Referring expression grounding data:
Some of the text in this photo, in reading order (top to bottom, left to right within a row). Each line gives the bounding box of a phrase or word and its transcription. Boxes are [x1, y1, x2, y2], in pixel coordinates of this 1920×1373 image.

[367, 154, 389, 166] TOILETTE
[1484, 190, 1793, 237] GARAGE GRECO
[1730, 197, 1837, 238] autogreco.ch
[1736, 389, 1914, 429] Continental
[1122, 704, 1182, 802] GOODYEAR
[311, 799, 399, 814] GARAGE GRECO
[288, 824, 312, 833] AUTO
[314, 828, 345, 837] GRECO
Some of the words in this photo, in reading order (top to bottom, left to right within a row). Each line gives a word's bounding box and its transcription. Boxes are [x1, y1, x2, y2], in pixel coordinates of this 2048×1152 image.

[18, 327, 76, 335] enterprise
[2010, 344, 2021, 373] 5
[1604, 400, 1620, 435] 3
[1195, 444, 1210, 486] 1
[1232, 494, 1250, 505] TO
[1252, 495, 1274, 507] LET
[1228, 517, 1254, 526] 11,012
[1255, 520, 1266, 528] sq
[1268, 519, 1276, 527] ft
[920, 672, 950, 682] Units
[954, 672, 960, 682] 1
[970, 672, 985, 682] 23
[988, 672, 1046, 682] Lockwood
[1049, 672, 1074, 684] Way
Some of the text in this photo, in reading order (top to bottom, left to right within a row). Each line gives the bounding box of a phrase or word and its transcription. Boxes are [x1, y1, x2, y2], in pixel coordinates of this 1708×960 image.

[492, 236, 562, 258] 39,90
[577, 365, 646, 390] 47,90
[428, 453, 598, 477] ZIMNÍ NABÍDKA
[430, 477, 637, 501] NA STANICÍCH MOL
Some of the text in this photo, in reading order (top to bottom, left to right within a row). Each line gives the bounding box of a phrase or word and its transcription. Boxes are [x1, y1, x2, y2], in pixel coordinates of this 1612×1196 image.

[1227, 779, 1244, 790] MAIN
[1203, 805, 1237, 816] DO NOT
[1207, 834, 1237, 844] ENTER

What is required:
For this task, please set down every entry exactly, with no line left out.

Exercise answer:
Some of the text in this photo, in reading order (top to bottom, left to right within a row). Each line gives the bounding box of a phrase or word and its transcription. Boxes are [x1, y1, x2, y2], in pixel coordinates of this 1920×1373 image.

[367, 154, 389, 166] TOILETTE
[1484, 190, 1793, 237] GARAGE GRECO
[1730, 197, 1837, 238] autogreco.ch
[1736, 389, 1914, 429] Continental
[1122, 704, 1182, 802] GOODYEAR
[311, 799, 399, 814] GARAGE GRECO
[288, 824, 312, 833] AUTO
[314, 828, 345, 837] GRECO
Some of the words in this photo, in reading order (top to bottom, left to right within a row). Each line gives a word's bounding box and its transcription. Boxes are [x1, y1, x2, y2], in pixel coordinates of this 2048×1152 image.

[18, 327, 76, 335] enterprise
[2010, 344, 2021, 373] 5
[1604, 400, 1620, 435] 3
[1195, 444, 1210, 486] 1
[1232, 494, 1250, 505] TO
[1252, 495, 1274, 507] LET
[1228, 517, 1254, 526] 11,012
[1255, 520, 1266, 528] sq
[1268, 519, 1276, 527] ft
[920, 672, 950, 682] Units
[954, 672, 960, 682] 1
[970, 672, 985, 682] 23
[988, 672, 1046, 682] Lockwood
[1049, 672, 1074, 684] Way
Some of the text in this photo, in reading order (top to bottom, left to right within a row). Each line gives the bounding box of a phrase or word and its transcription. Boxes are [x1, y1, x2, y2], in pixel coordinates of this 1708×960 image.

[492, 236, 562, 258] 39,90
[577, 365, 646, 390] 47,90
[428, 453, 598, 477] ZIMNÍ NABÍDKA
[430, 477, 637, 501] NA STANICÍCH MOL
Some of the text in this photo, in reading order (top to bottom, left to right within a row). Each line gives the bounding box of a phrase or word and its transcription. Boxes are [x1, y1, x2, y2], in pixel coordinates of this 1612×1196 image.

[1227, 779, 1244, 790] MAIN
[1203, 805, 1237, 816] DO NOT
[1207, 834, 1237, 844] ENTER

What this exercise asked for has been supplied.